There are two different ways to handle the lifetime of a thread: std::thread::join() and std::thread::detach(). Here is the difference between the two methods:

  • join synchronizes the execution of the thread with the execution of its creator. This guarantees that the creatoris blocked until the execution of the created thread is not completed yet. As a consequence, the thread can use all variables int scope of the creator.

  • detach decouples the execution of the thread from the execution of its creator. Both the creator and the created thread can complete their execution without blocking each other. Due to this fact, it's safe to use in the created thread only global variables. Using variables from the creator scope brings to undefined behaviour. Also using objects with static duration (i.e. std::cout) brings to undefined behaviour when the main thread expires.

After calling join or detach, the std::thread instance has no longer a callback associated to it. (default constructed) will cause the program to terminate.

It is important to always join or detach a std::thread instance with an associated callback, otherwise the std::thread destructor will terminate the program invoking the std::terminate exception. The same behaviour happen calling join or detach on a std::thread instance without an associated callback (i.e. a default constructed thread or a std::thread instance for which join or detach was already called).
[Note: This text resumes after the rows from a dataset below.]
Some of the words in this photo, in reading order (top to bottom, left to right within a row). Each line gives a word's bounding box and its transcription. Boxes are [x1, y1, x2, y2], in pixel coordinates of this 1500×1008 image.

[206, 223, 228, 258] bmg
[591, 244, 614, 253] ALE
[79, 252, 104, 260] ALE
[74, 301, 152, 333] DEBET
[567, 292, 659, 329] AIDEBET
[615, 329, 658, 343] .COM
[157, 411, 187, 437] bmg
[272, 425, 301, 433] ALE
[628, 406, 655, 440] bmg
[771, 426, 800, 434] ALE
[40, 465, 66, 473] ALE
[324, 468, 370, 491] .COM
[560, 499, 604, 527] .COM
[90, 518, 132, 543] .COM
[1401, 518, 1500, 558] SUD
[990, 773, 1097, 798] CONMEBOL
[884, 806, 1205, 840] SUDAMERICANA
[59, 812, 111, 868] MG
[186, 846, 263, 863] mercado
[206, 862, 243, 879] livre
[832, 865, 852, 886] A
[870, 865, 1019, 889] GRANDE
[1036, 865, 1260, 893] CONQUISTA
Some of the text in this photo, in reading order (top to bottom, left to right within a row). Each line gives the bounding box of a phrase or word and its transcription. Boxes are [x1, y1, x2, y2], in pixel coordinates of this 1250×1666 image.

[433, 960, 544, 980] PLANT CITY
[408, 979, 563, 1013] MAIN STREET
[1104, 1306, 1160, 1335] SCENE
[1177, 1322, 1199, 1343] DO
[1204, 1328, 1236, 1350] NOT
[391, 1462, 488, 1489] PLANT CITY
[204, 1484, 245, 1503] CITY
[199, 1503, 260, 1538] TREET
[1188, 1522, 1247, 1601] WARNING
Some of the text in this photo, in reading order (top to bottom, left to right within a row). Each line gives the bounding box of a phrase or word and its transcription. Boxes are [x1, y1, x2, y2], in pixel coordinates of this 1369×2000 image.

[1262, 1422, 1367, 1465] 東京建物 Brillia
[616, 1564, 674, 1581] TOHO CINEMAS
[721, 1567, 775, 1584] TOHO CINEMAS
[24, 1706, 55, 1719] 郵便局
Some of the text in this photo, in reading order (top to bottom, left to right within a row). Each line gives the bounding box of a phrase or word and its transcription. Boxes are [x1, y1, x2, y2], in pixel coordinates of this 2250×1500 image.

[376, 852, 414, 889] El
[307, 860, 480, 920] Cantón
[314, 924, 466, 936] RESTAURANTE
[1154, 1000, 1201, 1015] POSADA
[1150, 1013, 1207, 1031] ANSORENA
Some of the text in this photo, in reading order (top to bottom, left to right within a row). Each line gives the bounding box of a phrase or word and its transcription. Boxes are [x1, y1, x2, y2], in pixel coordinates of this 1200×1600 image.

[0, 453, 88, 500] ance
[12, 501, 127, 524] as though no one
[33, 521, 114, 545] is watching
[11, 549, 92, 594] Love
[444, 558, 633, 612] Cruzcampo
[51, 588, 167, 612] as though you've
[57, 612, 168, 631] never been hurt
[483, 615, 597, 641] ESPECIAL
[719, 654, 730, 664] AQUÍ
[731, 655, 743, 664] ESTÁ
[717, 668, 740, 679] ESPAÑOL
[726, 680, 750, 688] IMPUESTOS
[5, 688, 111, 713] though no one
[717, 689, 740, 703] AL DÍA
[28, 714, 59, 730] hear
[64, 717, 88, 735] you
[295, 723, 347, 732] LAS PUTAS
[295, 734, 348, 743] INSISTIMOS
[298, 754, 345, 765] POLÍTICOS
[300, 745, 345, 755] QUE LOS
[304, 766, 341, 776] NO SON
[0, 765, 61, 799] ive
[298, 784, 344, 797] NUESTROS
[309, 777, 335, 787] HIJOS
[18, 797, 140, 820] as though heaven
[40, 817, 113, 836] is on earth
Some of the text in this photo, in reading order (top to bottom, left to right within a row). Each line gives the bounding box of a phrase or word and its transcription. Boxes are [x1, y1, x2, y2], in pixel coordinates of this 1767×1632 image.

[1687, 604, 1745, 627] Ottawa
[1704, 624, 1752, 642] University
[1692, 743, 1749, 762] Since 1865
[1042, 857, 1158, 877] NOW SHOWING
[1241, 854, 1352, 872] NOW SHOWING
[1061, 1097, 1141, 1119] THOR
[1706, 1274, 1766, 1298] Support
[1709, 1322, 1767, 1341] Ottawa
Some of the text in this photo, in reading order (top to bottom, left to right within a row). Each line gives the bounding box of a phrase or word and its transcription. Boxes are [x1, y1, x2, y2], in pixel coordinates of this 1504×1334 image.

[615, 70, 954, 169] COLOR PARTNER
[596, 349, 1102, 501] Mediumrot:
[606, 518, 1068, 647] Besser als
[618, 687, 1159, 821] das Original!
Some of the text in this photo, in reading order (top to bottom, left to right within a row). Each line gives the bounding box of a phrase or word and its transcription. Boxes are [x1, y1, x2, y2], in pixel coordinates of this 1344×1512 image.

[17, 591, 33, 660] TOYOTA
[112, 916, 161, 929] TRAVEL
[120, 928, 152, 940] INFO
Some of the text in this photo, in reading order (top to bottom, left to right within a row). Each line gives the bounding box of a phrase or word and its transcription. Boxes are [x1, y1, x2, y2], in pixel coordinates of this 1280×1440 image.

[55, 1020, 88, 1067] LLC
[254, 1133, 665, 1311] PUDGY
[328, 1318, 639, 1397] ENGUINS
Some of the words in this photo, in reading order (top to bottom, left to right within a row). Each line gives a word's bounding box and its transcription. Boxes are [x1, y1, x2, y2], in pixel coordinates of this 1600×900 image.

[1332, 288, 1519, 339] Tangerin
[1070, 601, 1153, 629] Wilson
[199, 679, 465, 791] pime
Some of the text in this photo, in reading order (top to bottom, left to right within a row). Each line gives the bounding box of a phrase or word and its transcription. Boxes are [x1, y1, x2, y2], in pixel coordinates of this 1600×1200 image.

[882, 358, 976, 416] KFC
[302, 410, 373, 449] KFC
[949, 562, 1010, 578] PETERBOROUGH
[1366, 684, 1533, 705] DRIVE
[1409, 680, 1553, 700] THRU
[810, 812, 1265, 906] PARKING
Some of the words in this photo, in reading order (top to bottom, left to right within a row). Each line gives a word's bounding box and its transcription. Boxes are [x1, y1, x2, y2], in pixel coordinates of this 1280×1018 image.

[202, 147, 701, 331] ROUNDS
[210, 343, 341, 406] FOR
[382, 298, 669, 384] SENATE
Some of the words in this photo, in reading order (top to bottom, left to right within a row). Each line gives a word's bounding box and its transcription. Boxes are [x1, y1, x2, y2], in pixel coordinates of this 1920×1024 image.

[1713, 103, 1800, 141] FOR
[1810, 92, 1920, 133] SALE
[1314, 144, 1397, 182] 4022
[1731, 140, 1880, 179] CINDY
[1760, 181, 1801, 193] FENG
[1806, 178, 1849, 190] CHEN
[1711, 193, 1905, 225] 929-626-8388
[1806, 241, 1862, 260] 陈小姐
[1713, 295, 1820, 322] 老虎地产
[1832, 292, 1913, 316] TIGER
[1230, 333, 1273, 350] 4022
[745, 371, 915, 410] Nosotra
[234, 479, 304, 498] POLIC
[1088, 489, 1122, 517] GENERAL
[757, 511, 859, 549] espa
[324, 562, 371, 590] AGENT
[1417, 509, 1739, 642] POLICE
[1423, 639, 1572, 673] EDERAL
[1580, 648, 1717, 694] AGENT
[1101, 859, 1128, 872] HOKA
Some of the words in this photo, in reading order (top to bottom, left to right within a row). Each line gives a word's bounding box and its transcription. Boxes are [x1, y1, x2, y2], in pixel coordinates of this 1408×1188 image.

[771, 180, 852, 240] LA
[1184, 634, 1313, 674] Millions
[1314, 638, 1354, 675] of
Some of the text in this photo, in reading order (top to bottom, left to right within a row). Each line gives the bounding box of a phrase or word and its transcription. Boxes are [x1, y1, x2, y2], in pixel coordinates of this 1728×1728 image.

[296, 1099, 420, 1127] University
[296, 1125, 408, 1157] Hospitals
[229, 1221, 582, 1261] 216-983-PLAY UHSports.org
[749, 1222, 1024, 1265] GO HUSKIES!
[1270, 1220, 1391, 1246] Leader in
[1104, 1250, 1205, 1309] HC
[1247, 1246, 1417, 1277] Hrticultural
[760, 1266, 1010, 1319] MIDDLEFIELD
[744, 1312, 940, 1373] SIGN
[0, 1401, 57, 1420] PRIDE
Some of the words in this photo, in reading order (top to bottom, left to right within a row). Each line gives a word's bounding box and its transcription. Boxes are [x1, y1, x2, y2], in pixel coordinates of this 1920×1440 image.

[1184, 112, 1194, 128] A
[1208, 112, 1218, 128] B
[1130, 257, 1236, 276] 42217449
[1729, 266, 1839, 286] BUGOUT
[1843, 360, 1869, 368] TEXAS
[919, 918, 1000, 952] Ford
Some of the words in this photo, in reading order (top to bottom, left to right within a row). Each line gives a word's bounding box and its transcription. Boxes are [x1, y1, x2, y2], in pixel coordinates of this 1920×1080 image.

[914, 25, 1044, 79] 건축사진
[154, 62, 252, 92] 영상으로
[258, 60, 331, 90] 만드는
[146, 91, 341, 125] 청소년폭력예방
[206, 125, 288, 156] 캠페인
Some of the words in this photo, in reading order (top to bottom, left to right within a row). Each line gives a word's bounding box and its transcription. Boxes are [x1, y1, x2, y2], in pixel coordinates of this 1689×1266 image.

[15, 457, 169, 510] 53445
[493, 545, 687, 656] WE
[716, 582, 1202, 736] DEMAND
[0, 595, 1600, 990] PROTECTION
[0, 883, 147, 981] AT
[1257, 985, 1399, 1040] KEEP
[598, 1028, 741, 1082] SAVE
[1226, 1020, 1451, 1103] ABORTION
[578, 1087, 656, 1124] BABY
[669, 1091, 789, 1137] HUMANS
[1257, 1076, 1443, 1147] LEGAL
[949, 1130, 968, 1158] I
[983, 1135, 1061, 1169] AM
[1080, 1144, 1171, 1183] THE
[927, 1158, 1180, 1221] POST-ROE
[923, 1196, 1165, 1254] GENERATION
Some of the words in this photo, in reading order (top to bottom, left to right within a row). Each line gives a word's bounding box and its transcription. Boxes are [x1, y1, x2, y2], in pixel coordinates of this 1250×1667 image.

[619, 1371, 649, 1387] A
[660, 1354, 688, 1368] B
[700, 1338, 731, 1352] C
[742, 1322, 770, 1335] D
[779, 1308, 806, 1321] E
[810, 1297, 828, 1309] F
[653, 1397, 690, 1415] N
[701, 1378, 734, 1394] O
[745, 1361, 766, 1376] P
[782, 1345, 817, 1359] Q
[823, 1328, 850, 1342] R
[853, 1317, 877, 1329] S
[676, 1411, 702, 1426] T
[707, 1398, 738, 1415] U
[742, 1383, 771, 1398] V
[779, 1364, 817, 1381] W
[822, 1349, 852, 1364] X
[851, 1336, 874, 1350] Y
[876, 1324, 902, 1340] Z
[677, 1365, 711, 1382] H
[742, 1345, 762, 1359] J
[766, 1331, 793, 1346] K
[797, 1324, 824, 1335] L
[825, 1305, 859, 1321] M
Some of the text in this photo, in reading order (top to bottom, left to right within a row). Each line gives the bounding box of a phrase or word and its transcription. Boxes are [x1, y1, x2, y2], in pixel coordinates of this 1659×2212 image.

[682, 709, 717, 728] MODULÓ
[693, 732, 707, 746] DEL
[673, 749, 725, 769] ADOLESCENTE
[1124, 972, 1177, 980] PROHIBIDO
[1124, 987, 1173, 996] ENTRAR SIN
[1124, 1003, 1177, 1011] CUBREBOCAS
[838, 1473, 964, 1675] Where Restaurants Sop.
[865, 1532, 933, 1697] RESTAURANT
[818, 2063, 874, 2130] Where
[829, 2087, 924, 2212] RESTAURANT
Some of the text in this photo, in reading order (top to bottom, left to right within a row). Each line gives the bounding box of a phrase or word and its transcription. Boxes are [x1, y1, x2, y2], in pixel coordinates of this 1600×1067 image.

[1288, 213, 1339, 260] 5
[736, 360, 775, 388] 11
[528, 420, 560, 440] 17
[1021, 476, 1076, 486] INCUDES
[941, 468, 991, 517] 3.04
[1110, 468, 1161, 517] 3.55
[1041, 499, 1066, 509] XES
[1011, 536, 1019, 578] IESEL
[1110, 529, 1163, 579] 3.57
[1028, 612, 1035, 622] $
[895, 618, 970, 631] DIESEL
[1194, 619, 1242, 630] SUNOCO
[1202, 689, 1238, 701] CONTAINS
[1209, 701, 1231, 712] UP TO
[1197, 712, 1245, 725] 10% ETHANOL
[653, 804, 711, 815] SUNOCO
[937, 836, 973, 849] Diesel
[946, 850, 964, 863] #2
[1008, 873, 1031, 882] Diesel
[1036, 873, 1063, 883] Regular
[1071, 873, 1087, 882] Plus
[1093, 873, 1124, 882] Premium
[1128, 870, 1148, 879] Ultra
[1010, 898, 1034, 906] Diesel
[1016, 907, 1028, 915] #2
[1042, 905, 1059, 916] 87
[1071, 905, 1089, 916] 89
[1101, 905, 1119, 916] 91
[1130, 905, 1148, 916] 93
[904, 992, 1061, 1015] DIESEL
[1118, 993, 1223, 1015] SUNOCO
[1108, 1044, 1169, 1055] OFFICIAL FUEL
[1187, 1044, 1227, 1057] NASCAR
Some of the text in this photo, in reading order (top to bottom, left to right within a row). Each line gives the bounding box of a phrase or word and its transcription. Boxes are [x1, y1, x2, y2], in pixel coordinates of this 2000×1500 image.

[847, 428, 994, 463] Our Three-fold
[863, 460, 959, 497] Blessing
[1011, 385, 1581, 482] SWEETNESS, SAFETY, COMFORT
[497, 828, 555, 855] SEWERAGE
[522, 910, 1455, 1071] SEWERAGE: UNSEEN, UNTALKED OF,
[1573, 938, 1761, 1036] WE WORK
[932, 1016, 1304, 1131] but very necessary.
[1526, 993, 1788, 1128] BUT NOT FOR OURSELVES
A strategy to prevent these undesidered terminations is to apply the RAII paradigma (Resource Acquisition is Initialization) creating a wrapper for std::thread that joins automatically at the end of its scope.

#include <iostream>
#include <thread>

class ThreadWrapper
{
    std::thread mThread;
    
    public:
    
        ThreadWrapper (std::thread t): mThread(std::move(t))
        {
            if (!t.joinable()) throw std::logic_error("No associated thread");
        }
	
        ~ThreadWrapper()
        {
            mThread.join();
        }
};

int main()
{
    ThreadWrapper t(std::thread([]{std::cout << "Thread lambda executing"  << std::endl;}));
    std::cout<<"Exit of Main function"<< std::endl;
    return 0;
}

Pass arguments to threads

It is possible to pass any number of arguments to the callback executed by a thread passing additional parameters to the std::thread constructor. By default, all the arguments are passed by value and copied into the thread's stack and any changes made by the thread to the arguments passed does not affect the original arguments. In order to pass an argument by reference, it is necessary to explicitely use the std::ref wrapper from the header.

#include <iostream>
#include <thread>

int main()
{
    int y = 1;
    std::cout<<" Before Thread Starts y = " << y << std::endl;
    std::thread t1([](int& num){num++;}, std::ref(y));
    t1.join();
    std::cout<<" After Thread Joins y = " << y << std::endl;
    return 0;
}

In case the callback associated to the thread is a member function of a class, it is necessary to pass a reference to the class as first argument after the callback. Note that if multiple threads are accessing the member functions of the same object, it is necessary to protect the access to the shared resources of that object.

#include <thread>
#include <iostream>

class Dummy
{
public:
  void DummyMethod()
  {
     std::cout << "Dummy method" << std::endl;
  }
};

int main()
{
  //Execute the LaunchTorpedo() method for a specific Torpedo object on a seperate thread
  Dummy dummy;
  std::thread t1(&Dummy::DummyMethod, &dummy);
  t1.join();

  return 0;
}

Prevent Race Conditions using Atomics and Mutexes

A race condition is a situation where multiple concurrent threads can access shared data and try to change it at the same time. BecauseSince the scheduling algorithm can swap between threads at any time, it is not possible to uniquely determine the order in which the threads will attempt to access the shared data and the final state of those data.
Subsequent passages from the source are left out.